Not one person she’s talked to (around 100) claimed to have joined the military because he or she thinks that this or that exact war is especially just or necessary as it is explained by politicians.
Robert is one of them. He did not believe the official explanation of the Iraq war (weapons of mass destructions). At times, Robert claimed the Iraq war is a quest for oil.
But he doesn’t care:
I am going for other reasons than oil. When I was in Iraq, I built schools, and handed out backpacks and paper to school children. I fixed dams so the people could have electricity. I spent two years totally committed to doing stuff like that.
U.S. Army Soldiers in Iraq. Photo: Scott Taylor, U.S.Army, flickr
The research subjects explained and mostly legitimized the US military presence and their own participation, with a reference to themselves as Americans.
Robert places American politicians outside these “American people. He places himself, as a service member, on the side of and fighting for, the American people, not the government.

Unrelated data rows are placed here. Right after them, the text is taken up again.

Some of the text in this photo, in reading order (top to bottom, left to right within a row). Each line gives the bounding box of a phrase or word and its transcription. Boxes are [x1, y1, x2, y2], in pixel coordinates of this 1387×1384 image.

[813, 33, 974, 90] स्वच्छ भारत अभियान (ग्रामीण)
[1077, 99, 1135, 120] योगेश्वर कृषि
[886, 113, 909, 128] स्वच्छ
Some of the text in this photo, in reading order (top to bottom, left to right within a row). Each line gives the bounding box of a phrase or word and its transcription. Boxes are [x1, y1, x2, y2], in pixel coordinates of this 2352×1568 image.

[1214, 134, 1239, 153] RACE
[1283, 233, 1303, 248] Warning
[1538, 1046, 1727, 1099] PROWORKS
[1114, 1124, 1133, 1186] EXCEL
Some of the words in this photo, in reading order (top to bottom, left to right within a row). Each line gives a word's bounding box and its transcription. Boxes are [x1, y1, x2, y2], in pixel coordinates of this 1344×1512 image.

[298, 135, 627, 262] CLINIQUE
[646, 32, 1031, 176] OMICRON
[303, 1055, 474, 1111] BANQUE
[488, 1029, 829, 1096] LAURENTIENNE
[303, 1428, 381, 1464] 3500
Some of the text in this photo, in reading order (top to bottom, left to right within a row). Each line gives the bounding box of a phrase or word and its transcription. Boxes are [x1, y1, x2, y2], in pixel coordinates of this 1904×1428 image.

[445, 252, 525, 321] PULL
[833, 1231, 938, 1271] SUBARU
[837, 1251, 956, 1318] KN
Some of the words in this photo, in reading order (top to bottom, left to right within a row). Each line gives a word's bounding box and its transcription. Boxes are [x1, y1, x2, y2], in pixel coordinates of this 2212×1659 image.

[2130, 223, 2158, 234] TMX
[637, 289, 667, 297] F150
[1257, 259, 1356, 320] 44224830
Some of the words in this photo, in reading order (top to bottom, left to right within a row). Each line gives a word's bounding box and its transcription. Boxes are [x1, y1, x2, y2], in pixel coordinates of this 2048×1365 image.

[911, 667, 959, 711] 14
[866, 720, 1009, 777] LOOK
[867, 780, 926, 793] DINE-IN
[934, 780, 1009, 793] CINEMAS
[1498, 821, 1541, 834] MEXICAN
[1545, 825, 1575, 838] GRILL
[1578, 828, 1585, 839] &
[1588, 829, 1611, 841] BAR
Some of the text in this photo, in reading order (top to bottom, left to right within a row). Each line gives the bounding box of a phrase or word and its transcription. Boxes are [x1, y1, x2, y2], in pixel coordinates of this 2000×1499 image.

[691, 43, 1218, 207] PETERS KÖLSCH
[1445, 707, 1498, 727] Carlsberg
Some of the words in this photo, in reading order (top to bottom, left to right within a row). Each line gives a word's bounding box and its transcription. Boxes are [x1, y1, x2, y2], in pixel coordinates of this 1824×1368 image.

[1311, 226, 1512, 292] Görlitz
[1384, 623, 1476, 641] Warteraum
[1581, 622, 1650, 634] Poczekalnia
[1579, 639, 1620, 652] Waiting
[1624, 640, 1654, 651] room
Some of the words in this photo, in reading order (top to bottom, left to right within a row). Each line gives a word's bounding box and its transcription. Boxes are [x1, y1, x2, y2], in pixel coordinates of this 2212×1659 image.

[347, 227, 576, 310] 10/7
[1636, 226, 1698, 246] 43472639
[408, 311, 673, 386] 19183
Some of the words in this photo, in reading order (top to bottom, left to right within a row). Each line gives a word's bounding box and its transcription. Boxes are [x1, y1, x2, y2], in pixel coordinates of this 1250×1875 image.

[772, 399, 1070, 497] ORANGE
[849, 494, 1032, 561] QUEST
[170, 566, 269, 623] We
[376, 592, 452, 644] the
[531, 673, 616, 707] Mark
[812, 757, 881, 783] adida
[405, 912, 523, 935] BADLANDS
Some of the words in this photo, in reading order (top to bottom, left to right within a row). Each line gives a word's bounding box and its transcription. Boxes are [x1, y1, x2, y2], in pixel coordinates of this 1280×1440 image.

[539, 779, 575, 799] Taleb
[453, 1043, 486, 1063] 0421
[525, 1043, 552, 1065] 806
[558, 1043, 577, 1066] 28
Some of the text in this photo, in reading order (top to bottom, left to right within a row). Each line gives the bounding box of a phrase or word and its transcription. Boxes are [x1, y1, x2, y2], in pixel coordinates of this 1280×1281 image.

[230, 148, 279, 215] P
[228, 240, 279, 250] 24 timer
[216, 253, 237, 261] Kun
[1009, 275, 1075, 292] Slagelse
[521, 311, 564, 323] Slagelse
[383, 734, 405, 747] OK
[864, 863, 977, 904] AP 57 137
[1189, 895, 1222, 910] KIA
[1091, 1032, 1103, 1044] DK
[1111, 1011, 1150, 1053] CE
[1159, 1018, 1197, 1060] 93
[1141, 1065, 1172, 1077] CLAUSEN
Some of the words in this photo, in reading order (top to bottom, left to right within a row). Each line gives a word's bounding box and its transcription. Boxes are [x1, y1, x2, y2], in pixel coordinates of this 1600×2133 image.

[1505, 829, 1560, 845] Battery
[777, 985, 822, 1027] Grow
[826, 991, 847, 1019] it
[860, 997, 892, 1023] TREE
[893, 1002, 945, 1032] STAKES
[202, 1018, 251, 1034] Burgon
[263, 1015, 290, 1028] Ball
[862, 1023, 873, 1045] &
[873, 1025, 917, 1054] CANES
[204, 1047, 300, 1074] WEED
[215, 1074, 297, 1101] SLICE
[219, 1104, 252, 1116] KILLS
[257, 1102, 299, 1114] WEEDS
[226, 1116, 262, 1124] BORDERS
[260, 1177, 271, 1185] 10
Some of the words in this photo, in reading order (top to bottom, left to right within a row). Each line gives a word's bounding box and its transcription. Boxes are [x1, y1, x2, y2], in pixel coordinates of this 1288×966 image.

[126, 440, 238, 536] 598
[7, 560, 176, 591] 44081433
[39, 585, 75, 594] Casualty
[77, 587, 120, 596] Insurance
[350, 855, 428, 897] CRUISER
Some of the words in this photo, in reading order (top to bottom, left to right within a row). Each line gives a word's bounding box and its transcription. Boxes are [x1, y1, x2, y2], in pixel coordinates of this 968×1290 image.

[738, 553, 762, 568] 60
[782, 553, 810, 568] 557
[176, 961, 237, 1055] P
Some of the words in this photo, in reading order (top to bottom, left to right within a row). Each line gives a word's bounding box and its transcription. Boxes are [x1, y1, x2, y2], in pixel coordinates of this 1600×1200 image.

The anthropologist explains:
People and troops, the government and the people make up two societies that act according to two different value systems; the politicians according to a rather crooked one, initiating wars on unjust premises and ignoring the will of the American people; the American people according to what might perhaps be termed a more American one, expressed in Robert‟s account as focused on a wish to keep his own family and other Americans safe and free, and help Iraqis towards a better life.
Help Iraqis towards a better life? That’s in the eyes of the soldiers their responsibility as Americans. The USA is in their view a positive example for other countries, an example to follow. It seems to me they are on a kind of religious mission.
This religious dimension is interesting. Salameh discusses American nationalism as “civil religion”:
Much of the (…) USA and its military, can be understood within the context of civil religion, wherein the nation is the focus of belief, and its endeavours overseas is the spreading (missionary function) of the values inherent in the „national belief‟.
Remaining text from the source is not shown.